15. Si un tiers du petit est sorti et qu’il a vendu ce tiers à un non juif, puis qu’un autre tiers est sorti, le premier-né devient sanctifié rétroactivement depuis le début de la mise bas et la vente est donc nulle et non avenue et la mère est exemptée concernant son prochain petit de l’obligation relative au premier-né. Si un tiers est sorti par césarienne et deux tiers par la matrice, le petit n’est pas sanctifié, car la première majorité n’est pas sortie par la matrice : or, c’est rétroactivement, depuis le début de la mise bas, que s’opère la sanctification d’un premier-né.
16. Si un grand membre est sorti seulement dans sa minorité, mais que l’ensemble de ce qui est sorti correspond à la majorité du fœtus, la mère n’est plus sujette aux lois du premier-né ; et ce qui est sorti devra être enterré. Si seule la moitié du fœtus est sortie mais avec la majeure partie d’un certain membre, il y a doute quant à savoir si la mère est exemptée ou non de l’obligation relative au premier-né concernant son prochain petit. C’est pourquoi le petit qui naîtra ensuite aura le statut d’un premier-né douteux.
17. Si on a enveloppé de liber de palmier un premier-né mâle et qu’on l’a fait sortir ainsi sans qu’il ait de contact avec la matrice c’est-à-dire avec la paroi du canal génital ou si on l’a enveloppé du sac amniotique d’un autre animal ou encore si sa sœur c’est-à-dire une femelle de la même portée s’est enveloppée autour de lui et qu’il est sorti ainsi, étant donné qu’il n’a pas touché la matrice, il a un statut de premier-né douteux.
18. Si on a collé deux matrices de deux femelles l’une à l’autre et que le fœtus est sorti de l’une et s’est introduit dans l’autre et est ensuite « né » de celle-ci, il y a doute si l’animal dans lequel le premier-né s’est introduit est désormais exempté des obligations concernant les premiers-nés puisque sa matrice a été ouverte ou s’il n’en est pas exempté tant que ce n’est pas son petit qui ouvre sa matrice.
19. Si les parois du canal génital de la mère se sont très largement ouvertes et que le petit est sorti sans avoir eu de contact avec celles-ci, c’est un cas de doute : il y a doute quant à savoir si c’est le contact avec le canal génital qui sanctifie le premier-né lors de la naissance, contact qui est absent ici ou si c’est le passage dans l’espace du canal génital qui a bien lieu ici aussi.
20. Si les parois du canal génital de la mère se sont arrachées et se sont attachées au cou du petit, étant tirées au dehors avec lui, c’est un cas de doute : il y a doute quant à savoir si la matrice sanctifie le premier-né uniquement quand elle est à sa place ou même quand elle n’est pas à sa place.
21. Si les parois du canal génital ont été réduites dans leur épaisseur intérieure de sorte que la couche intérieure formant toute la circonférence de la paroi du canal génital a été enlevée, le petit n’est pas sanctifié.

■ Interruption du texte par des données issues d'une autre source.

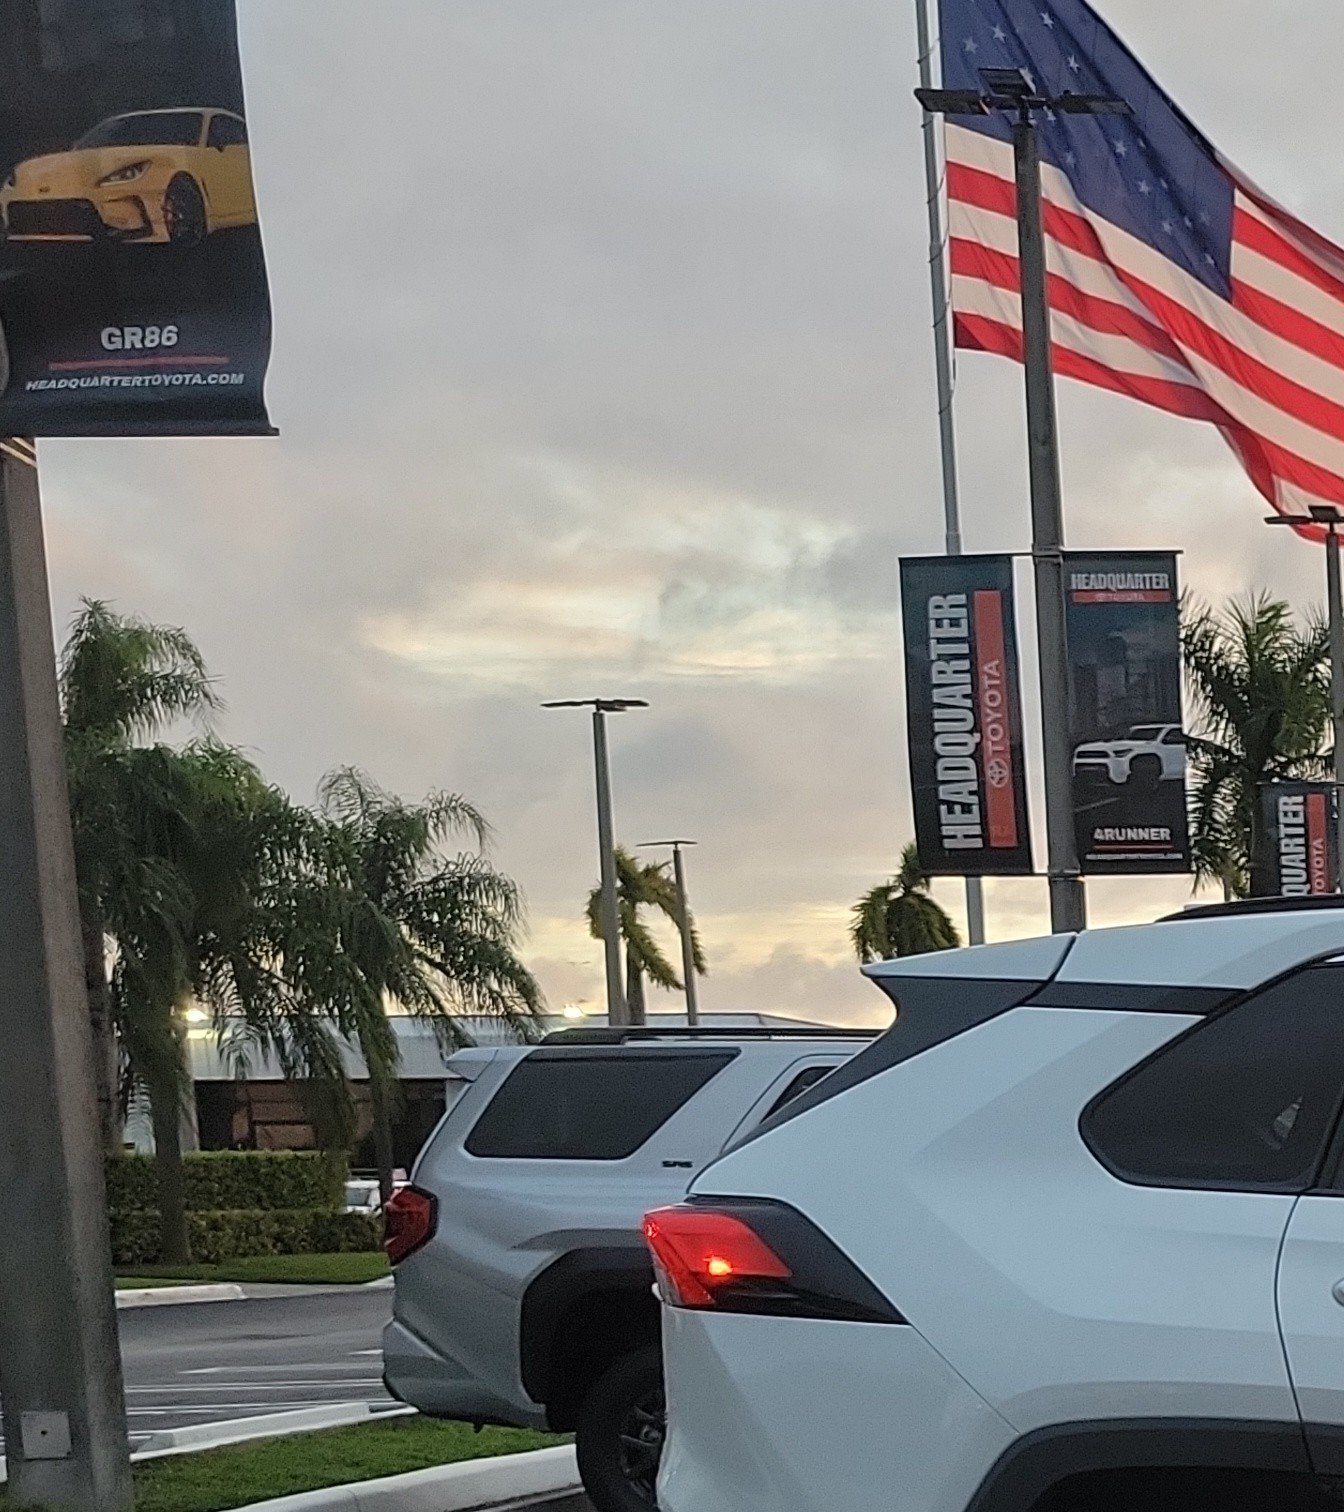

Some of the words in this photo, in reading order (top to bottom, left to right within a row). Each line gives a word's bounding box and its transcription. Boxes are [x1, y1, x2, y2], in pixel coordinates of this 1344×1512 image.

[101, 325, 179, 350] GR86
[25, 373, 245, 391] HEADQUARTERTOYOTA.COM
[1071, 573, 1169, 591] HEADQUARTER
[982, 660, 1006, 758] TOYOTA
[929, 593, 983, 849] HEADQUARTER
[1093, 828, 1171, 840] 4RUNNER
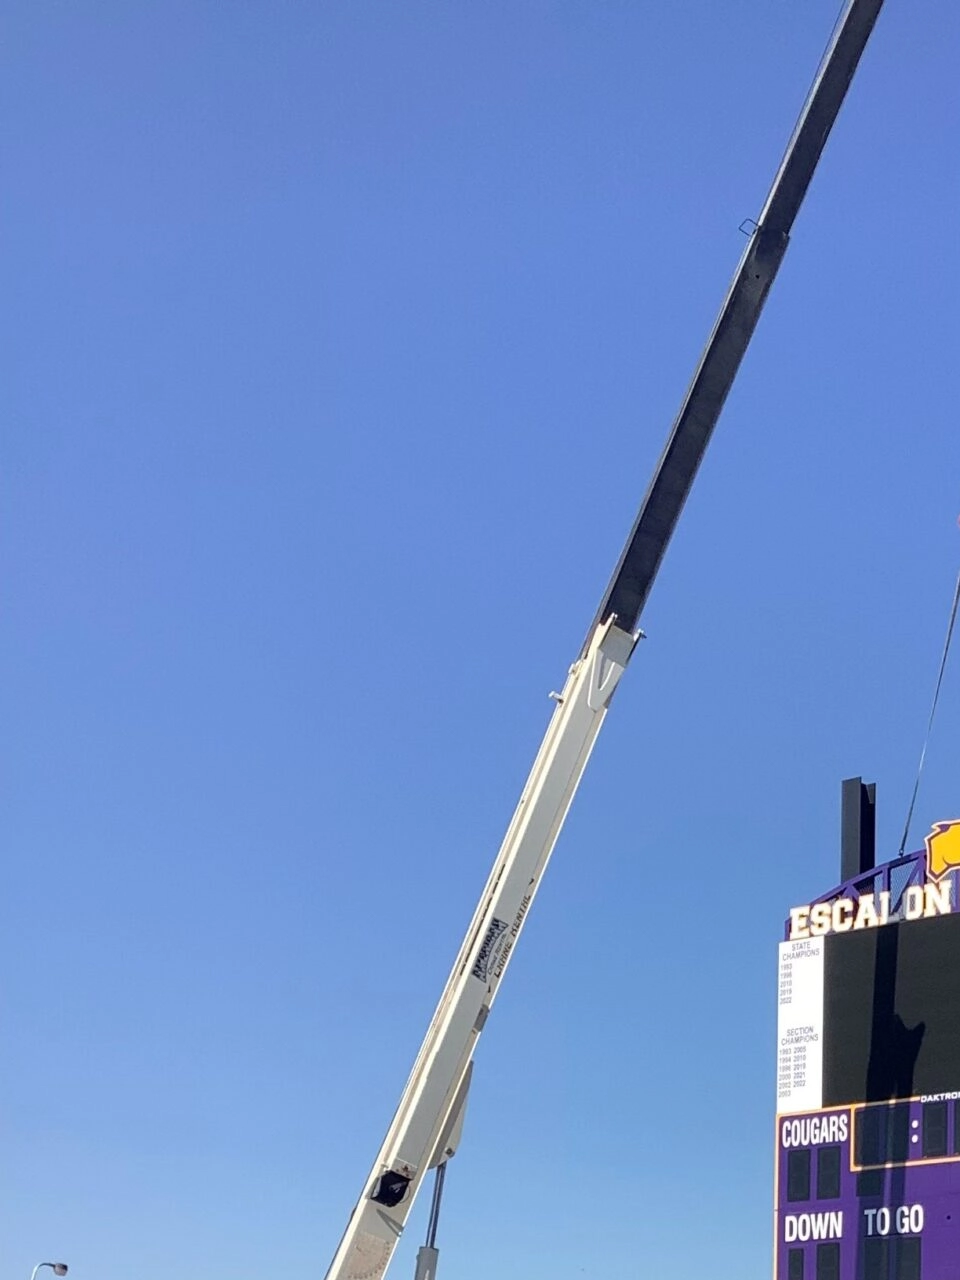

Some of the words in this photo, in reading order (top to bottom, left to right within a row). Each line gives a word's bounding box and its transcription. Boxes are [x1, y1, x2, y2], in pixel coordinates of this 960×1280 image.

[789, 879, 952, 941] ESCALON
[782, 948, 820, 961] CHAMPIONS
[792, 941, 811, 951] STATE
[781, 1033, 819, 1046] CHAMPIONS
[787, 1026, 814, 1037] SECTION
[782, 1114, 848, 1148] COUGARS
[784, 1211, 843, 1242] DOWN
[864, 1207, 890, 1236] TO
[896, 1204, 924, 1233] GO
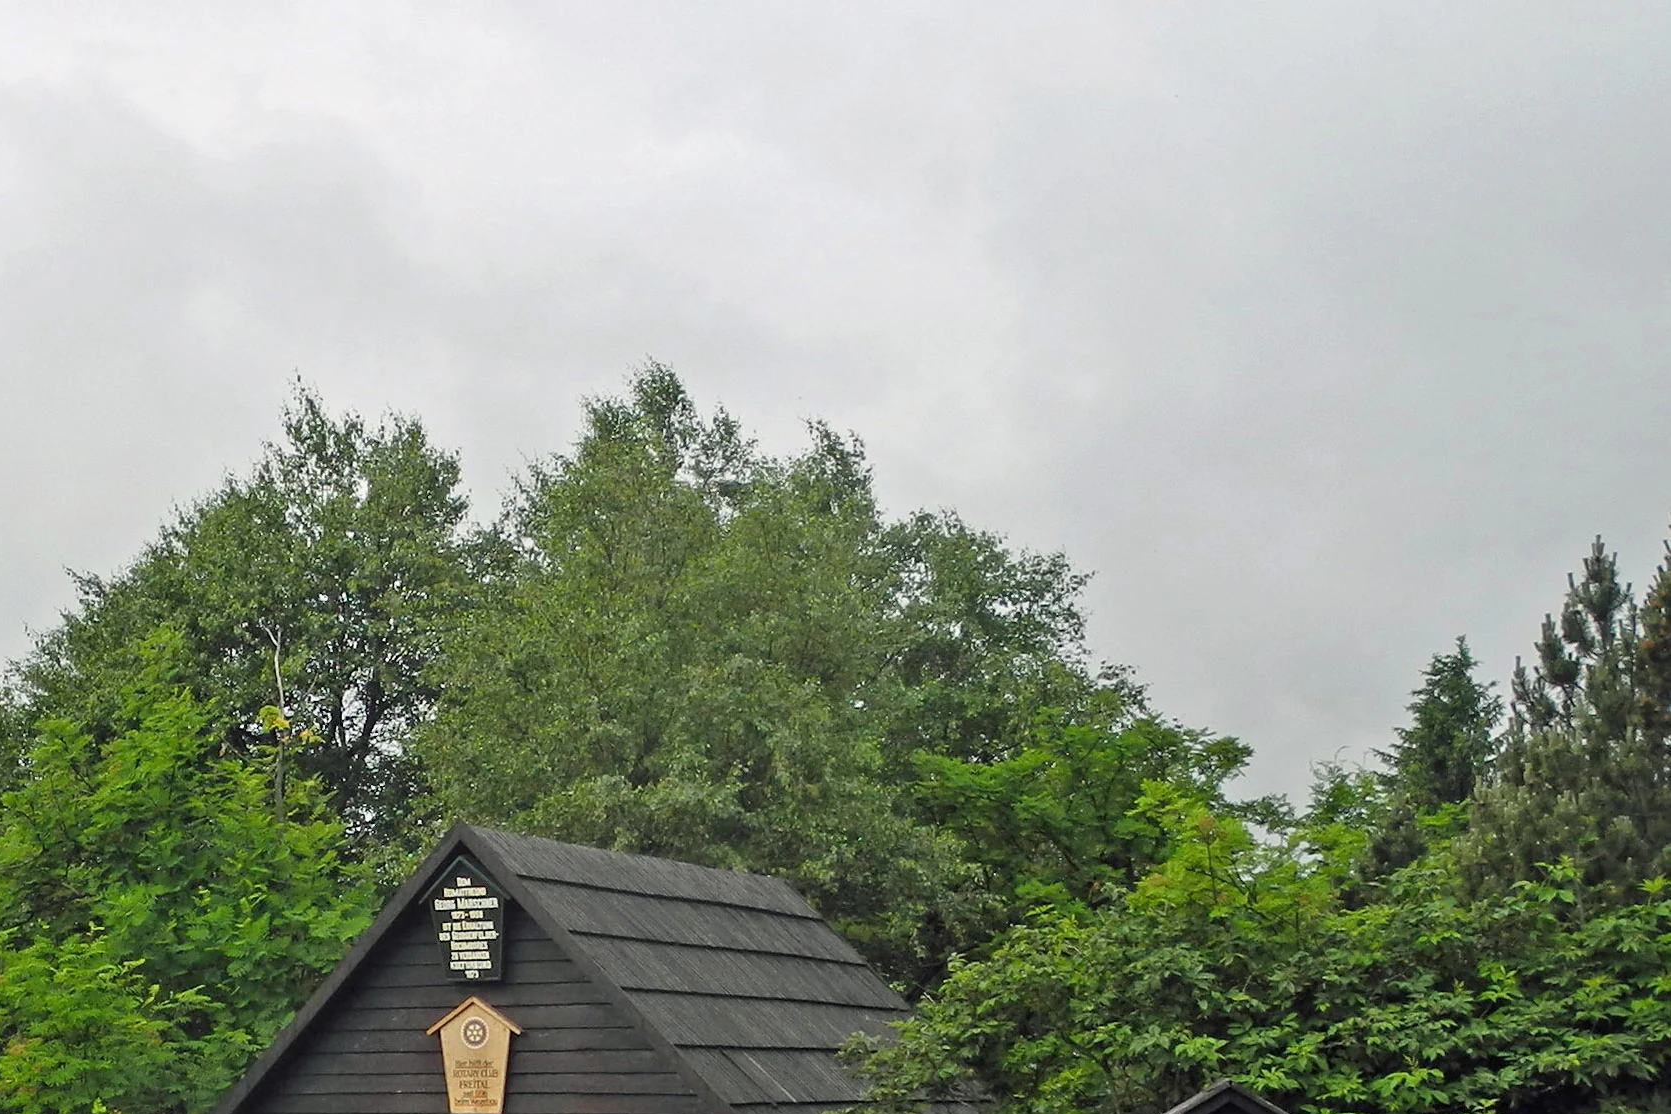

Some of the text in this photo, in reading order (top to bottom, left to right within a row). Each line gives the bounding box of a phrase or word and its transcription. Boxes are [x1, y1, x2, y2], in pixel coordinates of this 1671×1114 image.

[453, 1070, 498, 1078] ROTARY CLUB
[459, 1080, 490, 1088] FREITAL

Si une partie de la paroi a été supprimée et que la partie intacte du canal génital est plus importante que la partie sans paroi, mais que le petit est sorti en passant par la partie sans paroi ou si c’est la partie sans paroi qui est plus importante que la partie intacte mais que le petit est sorti en passant par la partie intacte, il a un statut de premier-né douteux.